Selain itu, Kementerian Dalam Negeri mengkonfirmasi kematian Suleymanov dan penyelidikan sedang diluncurkan.
Kepala Polisi Provinsi Almaty, Tanat Nazaov, meninggal karena cedera kepala.
Sementara itu, Kolonel Azamat Ibrayev ditemukan tewas di halaman rumahnya di ibu kota negara Nur-Sultan, lapor Komite Keamanan Nasional Kazakhstan.
Setelah harga gas minyak cair (LPG) di Kazakhstan naik dua kali lipat pada 2 Januari, memicu protes, Presiden Kassym-Jomart Tokayev mengumumkan keadaan darurat di Almaty dan wilayah Mangystau sebelum memperluasnya secara nasional.
Setidaknya 164 orang, termasuk seorang gadis berusia 4 tahun, tewas selama protes selama seminggu.
Pemerintah mengundurkan diri setelah Tokayev menganggap mereka bertanggung jawab atas protes tersebut.
Tokayev kemudian meminta bantuan aliansi militer pimpinan Rusia, Organisasi Perjanjian Keamanan Kolektif (CSTO), yang mengirim pasukan untuk meredakan kerusuhan.

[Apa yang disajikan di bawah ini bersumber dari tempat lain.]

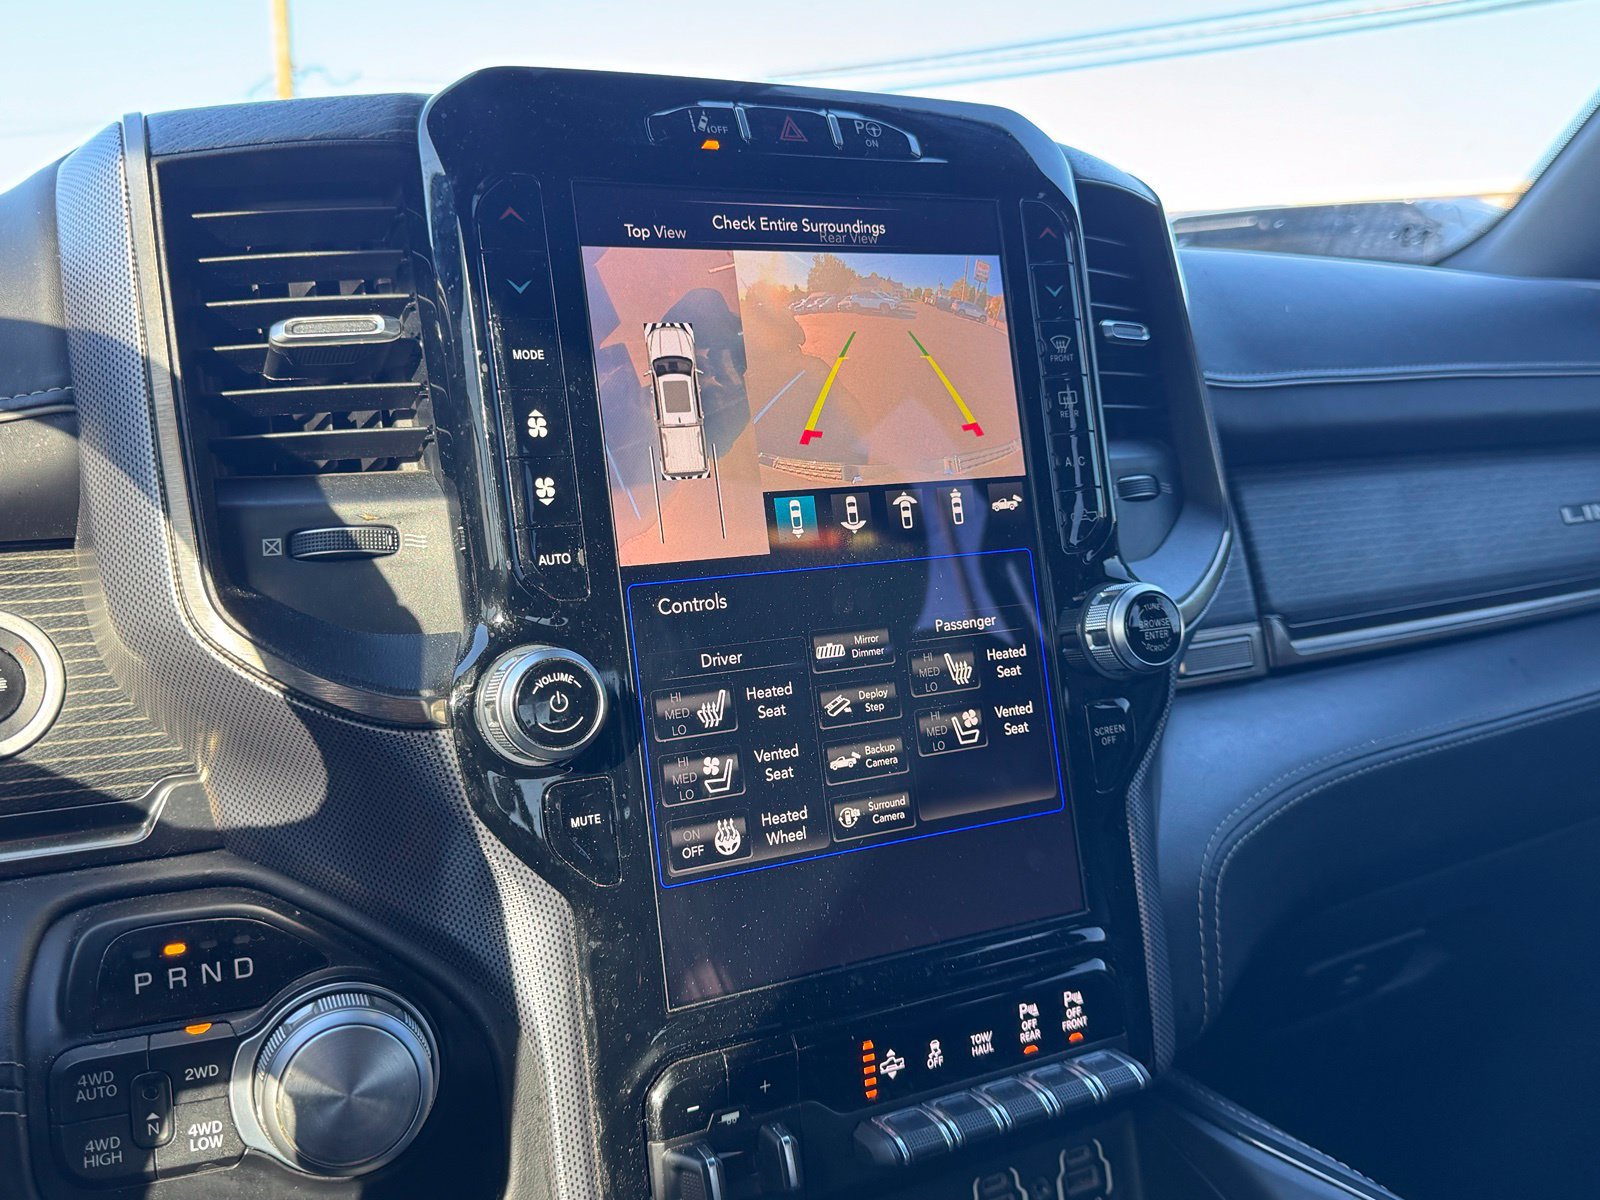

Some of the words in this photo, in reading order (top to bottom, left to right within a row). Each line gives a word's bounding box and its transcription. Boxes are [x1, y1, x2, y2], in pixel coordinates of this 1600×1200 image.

Protes mematikan telah digambarkan oleh Tokayev sebagai “upaya kudeta.”
Dia menuduh "teroris, termasuk pejuang asing" memainkan peran paling aktif dalam kerusuhan yang telah menyebabkan kematian 18 personel keamanan dan 26 pengunjuk rasa dalam seminggu terakhir.